What effect do you think a standardised textbook for this method is going to have on the field of epidemiology?
My hope is that the textbook’s biggest effect goes beyond my own field’s academic circles and reaches anyone who has to reason about decisions based on the health science literature. For example, if a clinician or a policy-maker reads a Mendelian randomization study, will they know how to evaluate it critically to inform decisions for their patients or communities? Having a resource that includes rigorous yet accessible chapters to this wider audience is an important means to make sure the results of these types of studies are used well.
How did you come across NIAS?
I first learned about NIAS through learning about my particular fellowship – the L’Oréal-UNESCO For Women in Science fellowship.
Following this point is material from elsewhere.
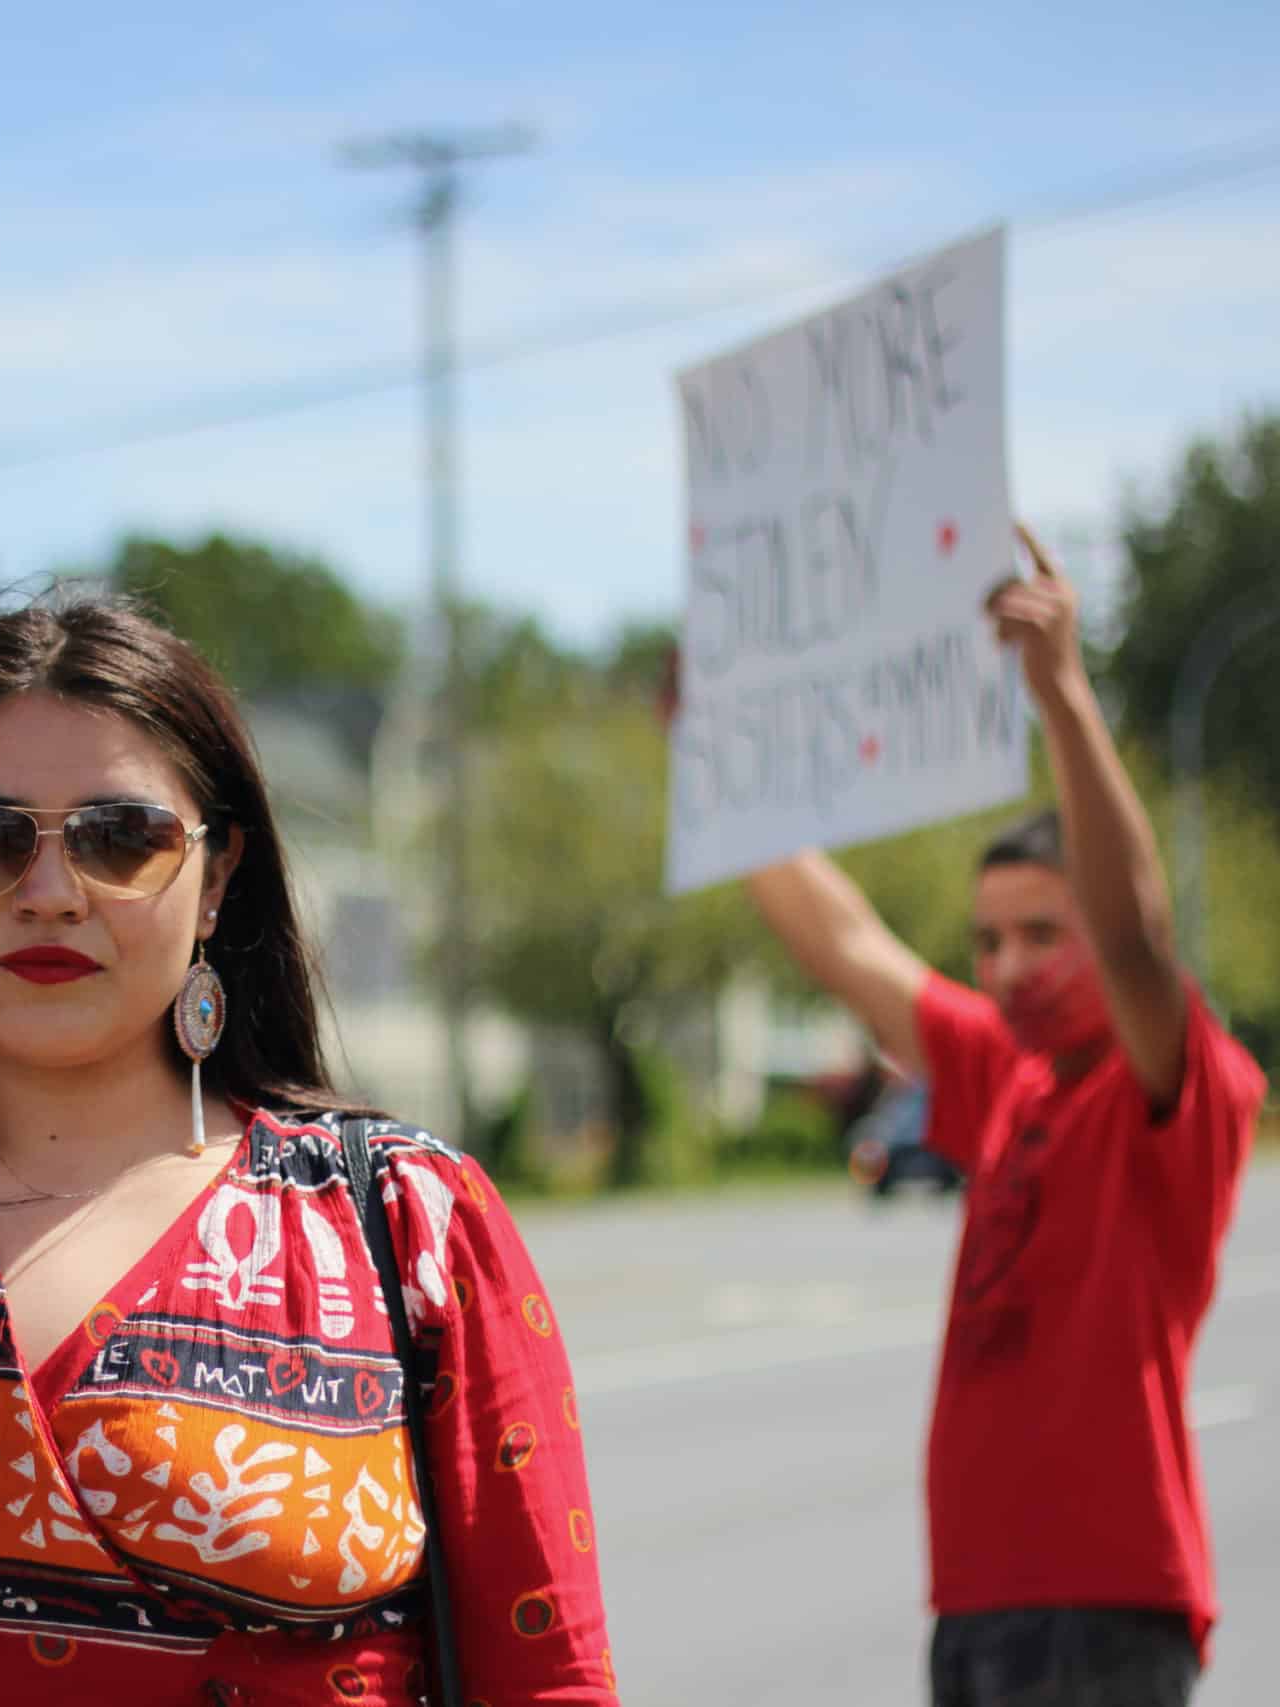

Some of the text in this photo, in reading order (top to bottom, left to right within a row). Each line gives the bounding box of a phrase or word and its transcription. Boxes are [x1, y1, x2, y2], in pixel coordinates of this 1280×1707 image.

[680, 262, 967, 480] NO MORE
[690, 455, 892, 676] STOLEN
[94, 1342, 130, 1382] LE
I have previously been exposed to the Radcliffe Institute for Advanced Study in Cambridge, and so knew what a special place such an Institute could be for an academic. Applying for the fellowship was then an easy decision.
What do you value about NIAS so far?
NIAS gave me both the space for creative, deep thought, and a diverse group of colleagues to connect with on a daily basis. What more can an academic want?
Have you had any noteworthy experiences at NIAS or Amsterdam in general?
Part of my fellowship included support for organizing a small workshop with the leading epidemiologists and statisticians working on Mendelian randomization and related methods. The two days I spent with these people in the NIAS attic conference room really challenged me to think more clearly about the future of my field and, importantly, how I personally can shape that future.